▸ **Work required**
The pictures are to be dropped, and the records below are to be restated word for word.

▸ **Records to use**
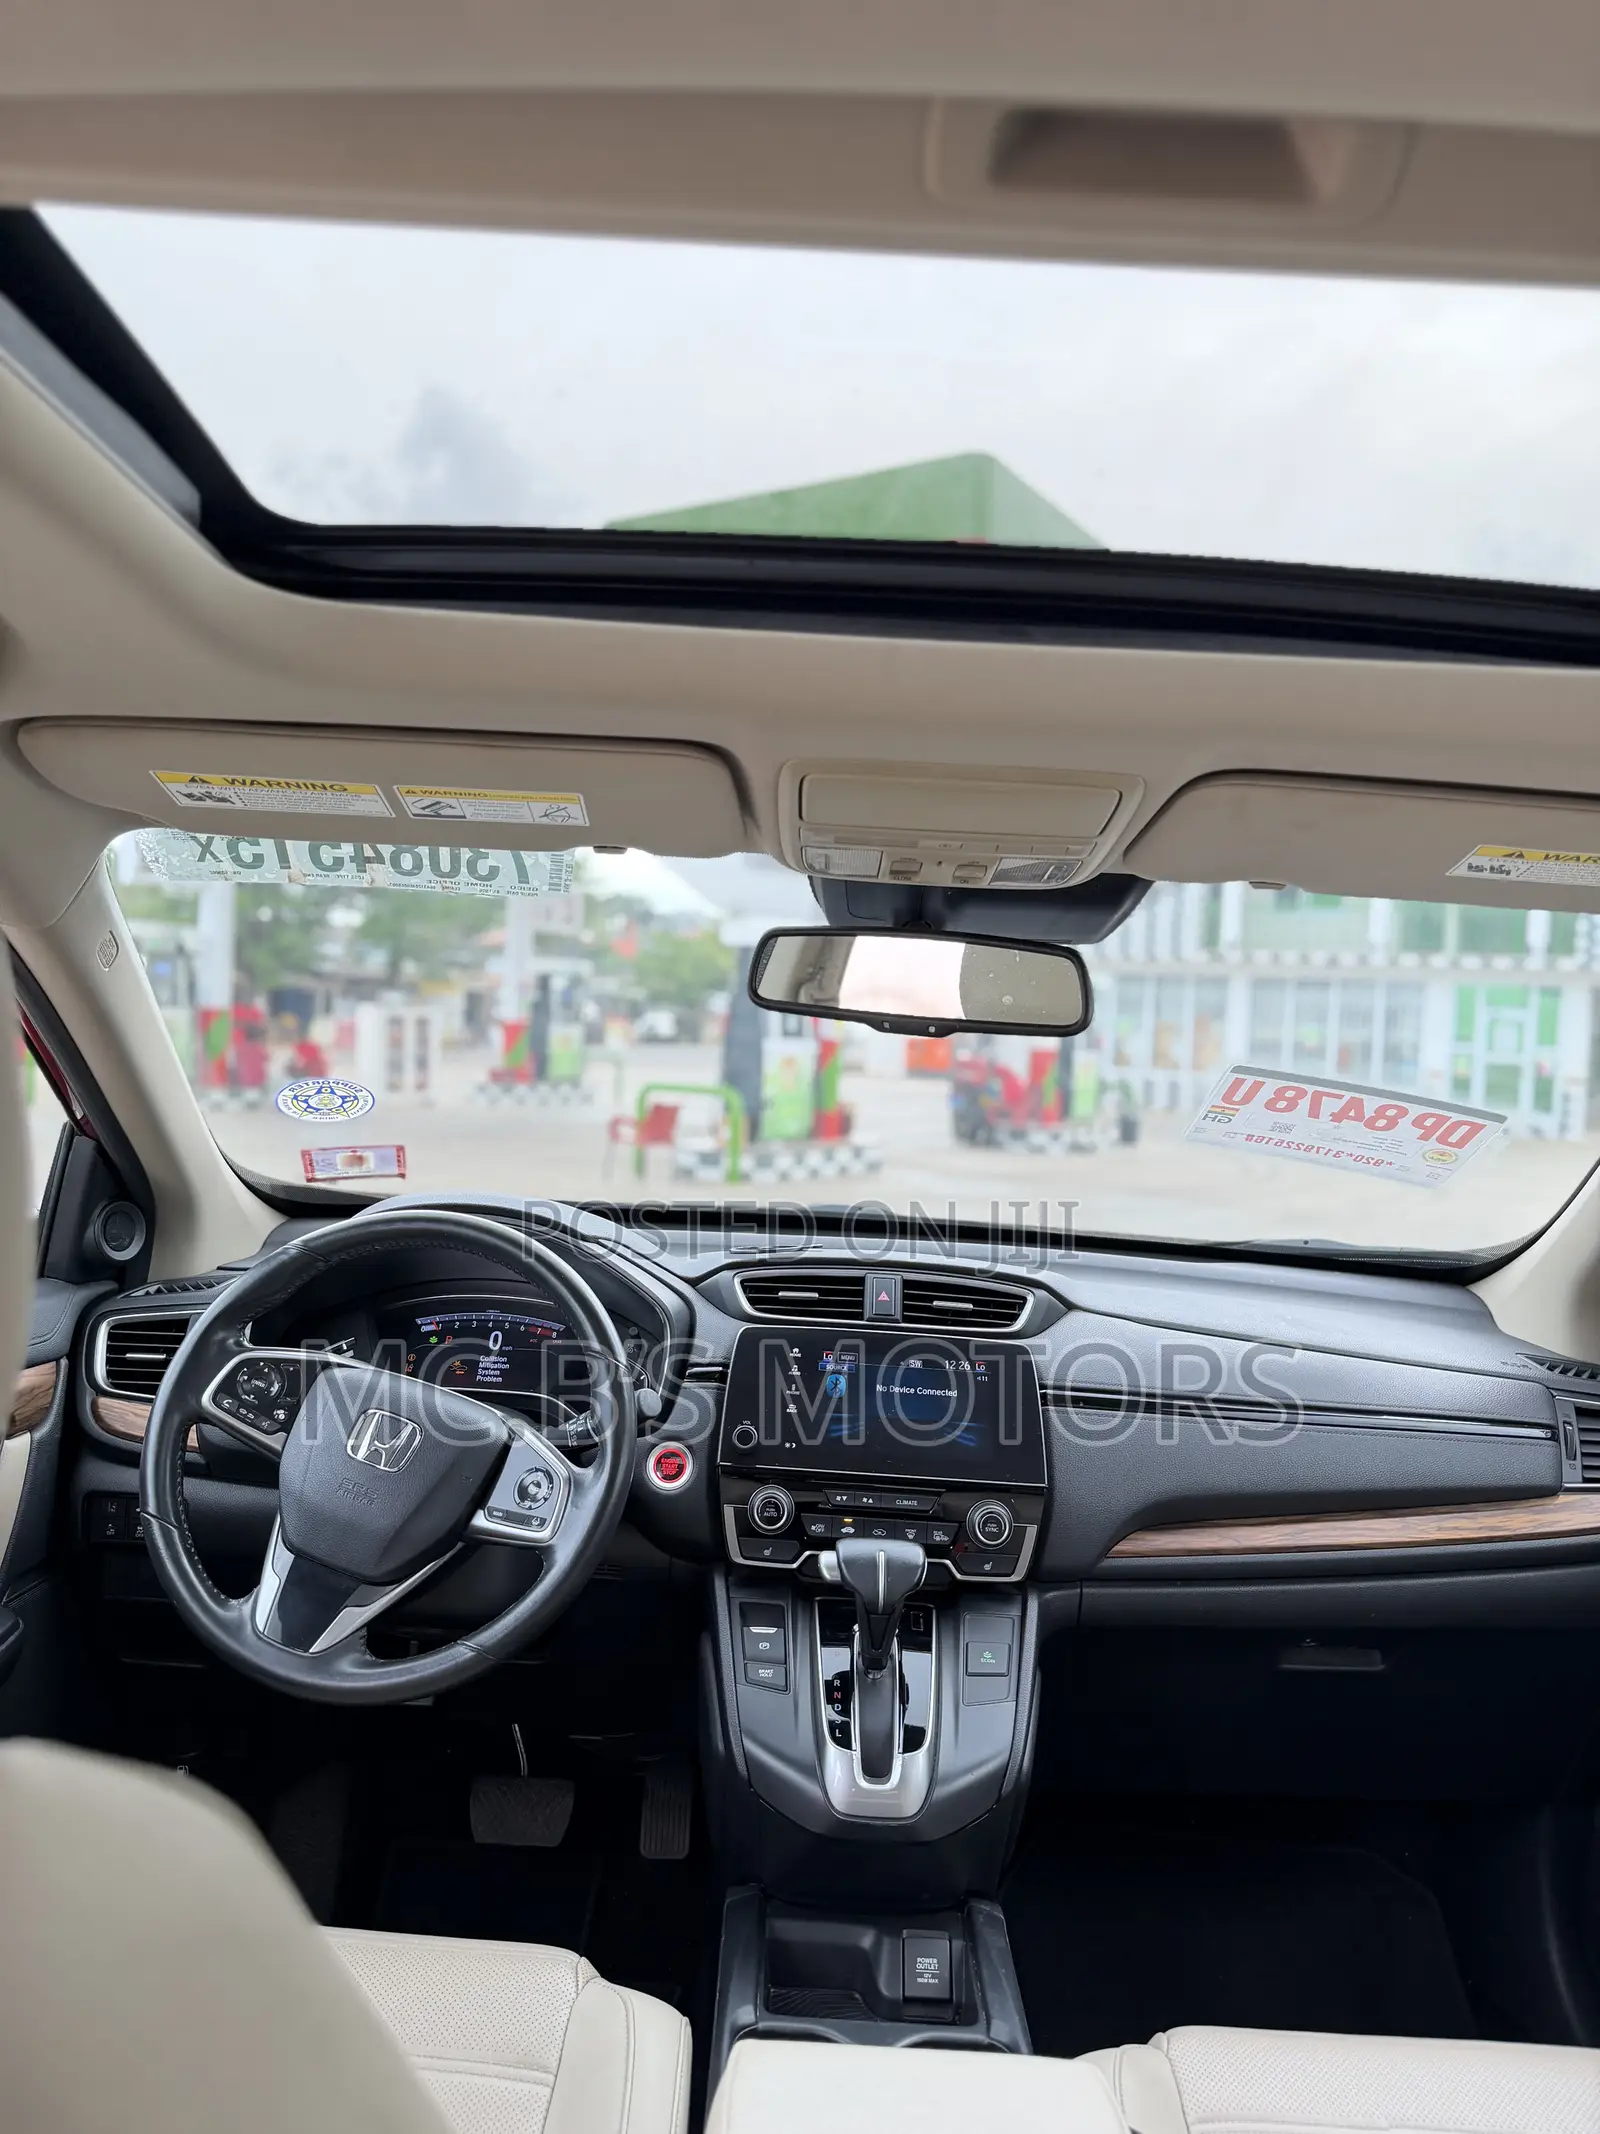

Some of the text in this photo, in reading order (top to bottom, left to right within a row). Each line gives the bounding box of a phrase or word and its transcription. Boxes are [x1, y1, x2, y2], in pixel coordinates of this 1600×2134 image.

[223, 777, 349, 792] WARNING
[419, 789, 488, 798] WARNING
[488, 1330, 503, 1351] 0
[480, 1355, 508, 1363] Collision
[823, 1352, 833, 1360] Lo
[478, 1362, 510, 1370] Mitigation
[975, 1362, 986, 1371] Lo
[477, 1369, 500, 1377] System
[476, 1375, 503, 1383] Problem
[876, 1384, 958, 1398] No Device Connected
[340, 1477, 379, 1499] SRS
[833, 1679, 841, 1687] R
[833, 1691, 842, 1699] N
[834, 1703, 842, 1711] D
[835, 1728, 842, 1737] L

▸ **Completed task**
Some of the text in this photo, in reading order (top to bottom, left to right within a row). Each line gives the bounding box of a phrase or word and its transcription. Boxes are [x1, y1, x2, y2], in pixel coordinates of this 1600×2134 image.

[223, 777, 349, 792] WARNING
[419, 789, 488, 798] WARNING
[488, 1330, 503, 1351] 0
[480, 1355, 508, 1363] Collision
[823, 1352, 833, 1360] Lo
[478, 1362, 510, 1370] Mitigation
[975, 1362, 986, 1371] Lo
[477, 1369, 500, 1377] System
[476, 1375, 503, 1383] Problem
[876, 1384, 958, 1398] No Device Connected
[340, 1477, 379, 1499] SRS
[833, 1679, 841, 1687] R
[833, 1691, 842, 1699] N
[834, 1703, 842, 1711] D
[835, 1728, 842, 1737] L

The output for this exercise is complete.